--- EXERCISE AIM ---
Omit the pictures and return every entry exactly as written.

━━━━━━━━━━━━━━━━━━━━━━━━━━━━━━

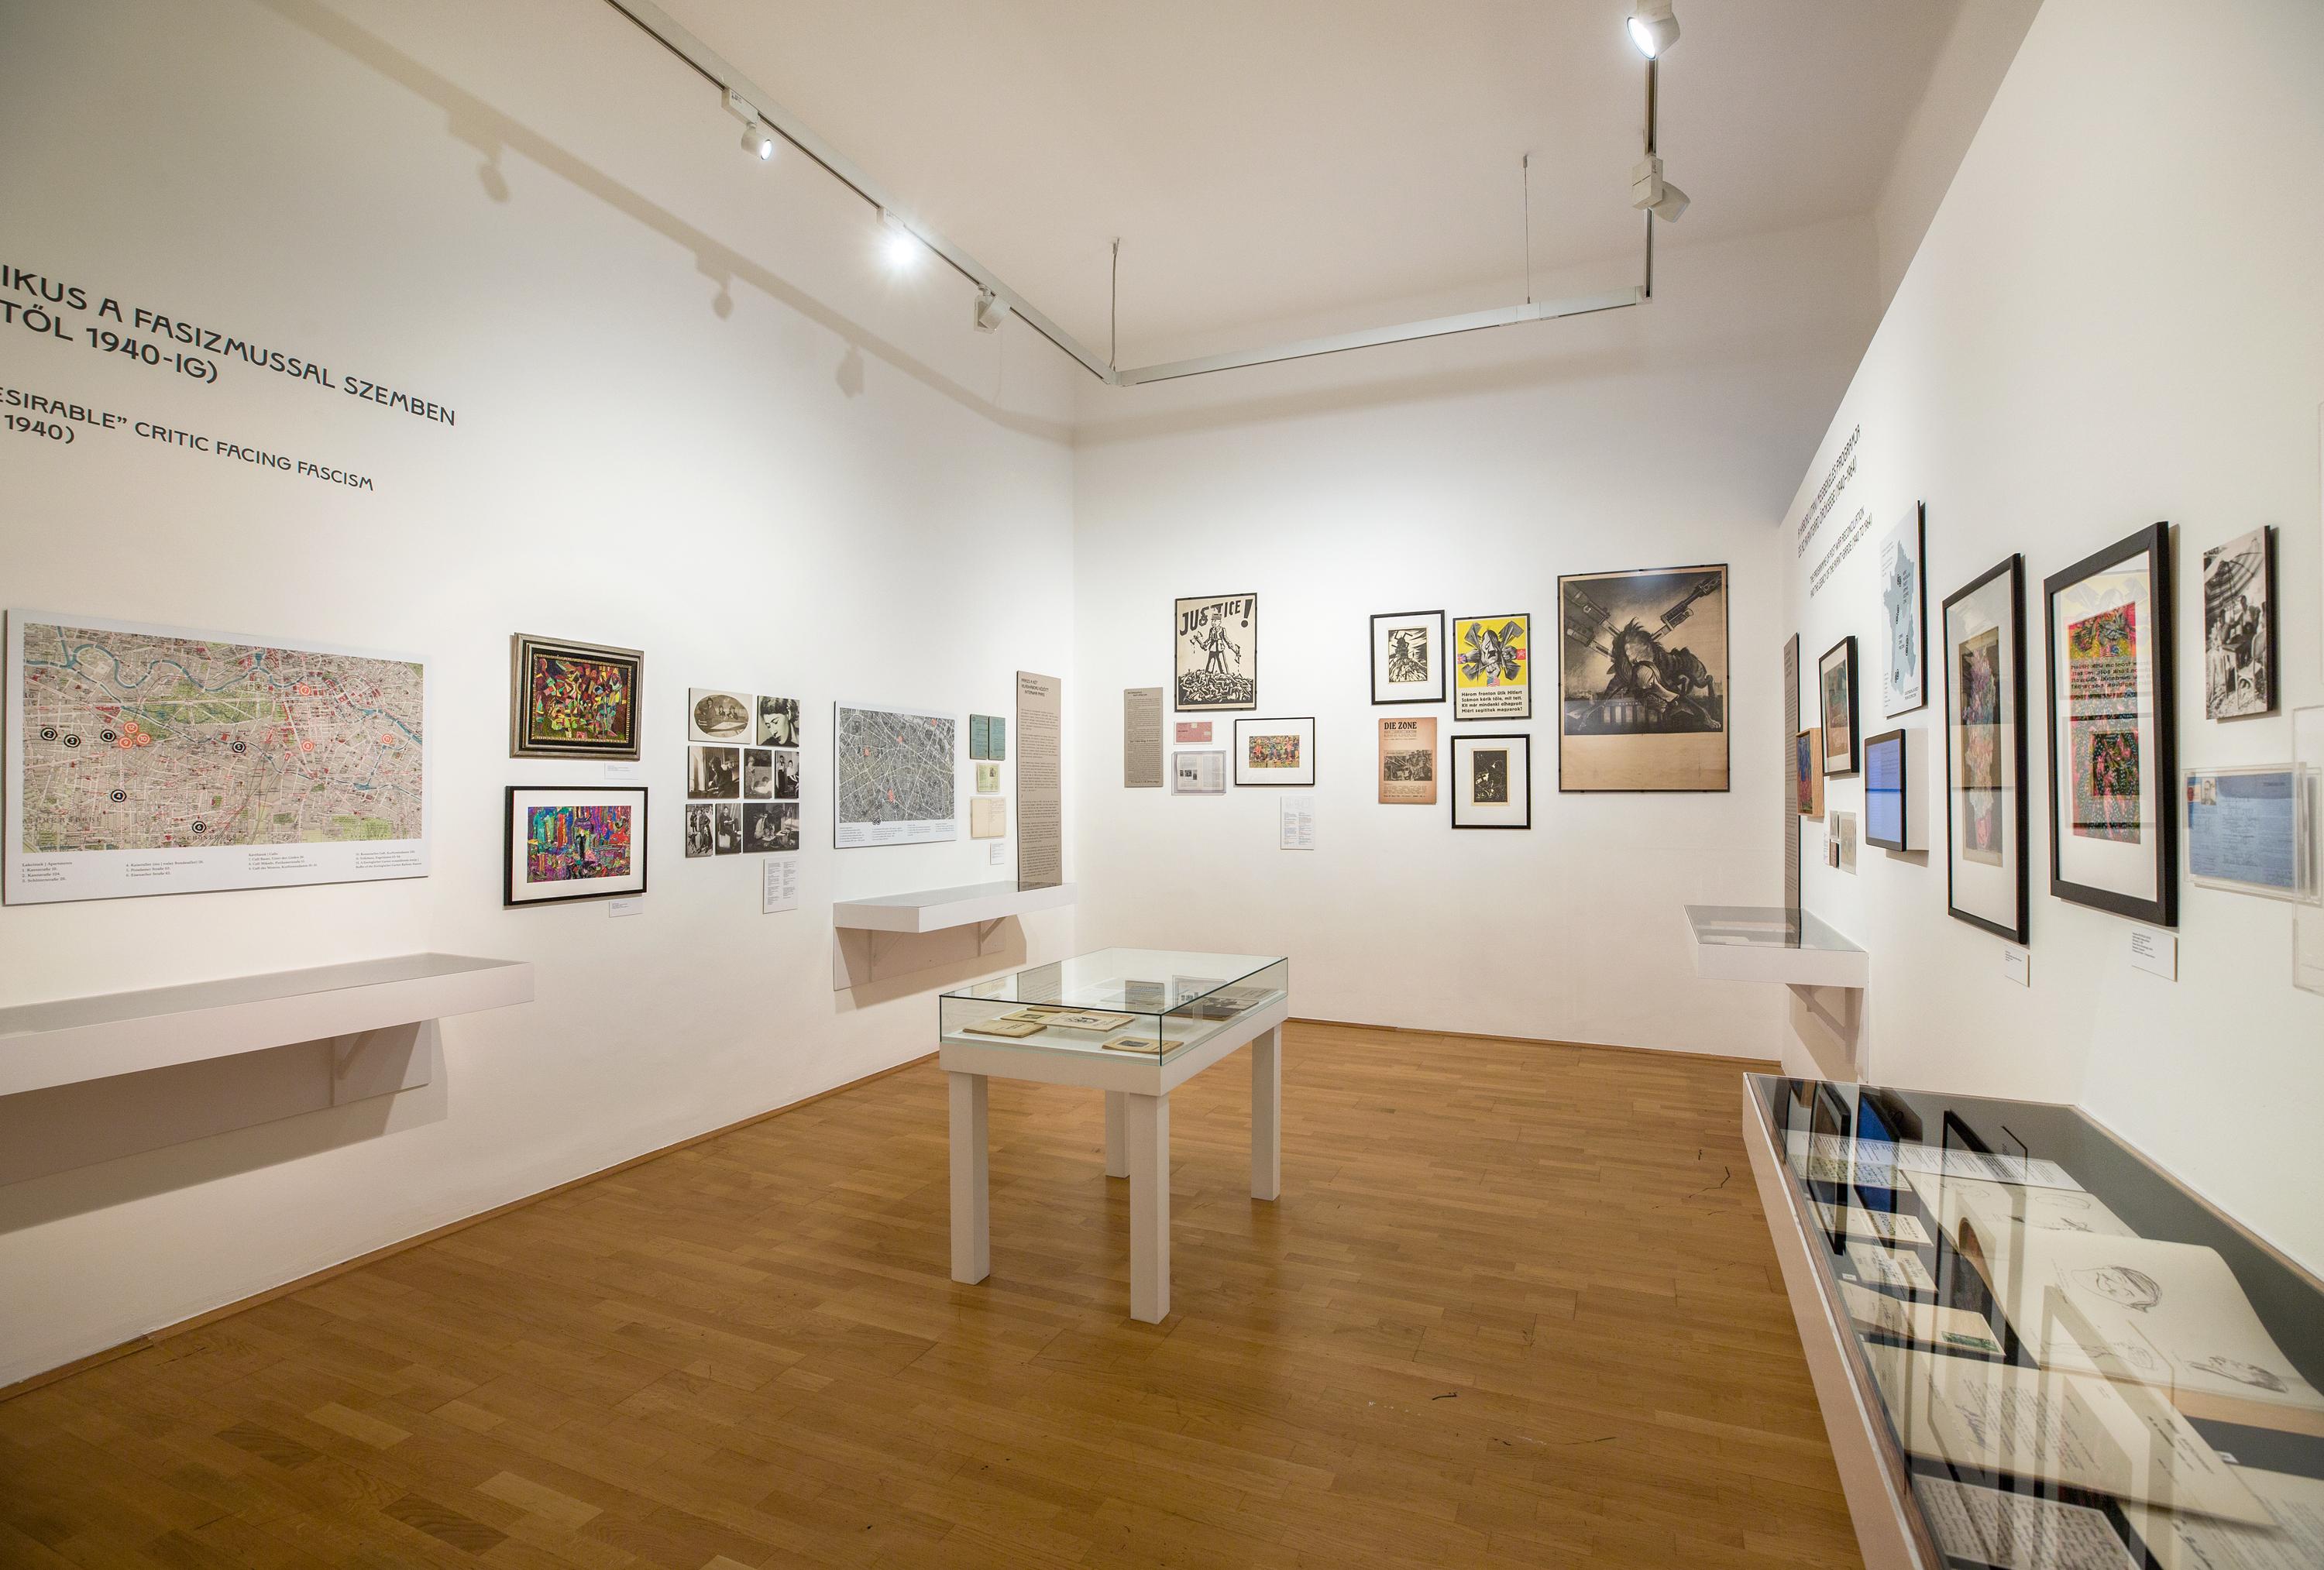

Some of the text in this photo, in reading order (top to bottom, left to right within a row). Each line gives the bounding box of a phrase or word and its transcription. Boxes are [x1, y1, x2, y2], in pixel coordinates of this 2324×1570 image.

[2, 264, 456, 427] IKUS A FASIZMUSSAL SZEMBEN
[85, 327, 218, 384] 1940-IG)
[4, 414, 75, 445] 1940)
[134, 421, 209, 452] CRITIC
[216, 441, 292, 471] FACING
[297, 461, 374, 491] FASCISM
[1397, 721, 1417, 730] ZONE

━━━━━━━━━━━━━━━━━━━━━━━━━━━━━━

--- TASK OUTPUT ---
Some of the text in this photo, in reading order (top to bottom, left to right within a row). Each line gives the bounding box of a phrase or word and its transcription. Boxes are [x1, y1, x2, y2], in pixel coordinates of this 2324×1570 image.

[2, 264, 456, 427] IKUS A FASIZMUSSAL SZEMBEN
[85, 327, 218, 384] 1940-IG)
[4, 414, 75, 445] 1940)
[134, 421, 209, 452] CRITIC
[216, 441, 292, 471] FACING
[297, 461, 374, 491] FASCISM
[1397, 721, 1417, 730] ZONE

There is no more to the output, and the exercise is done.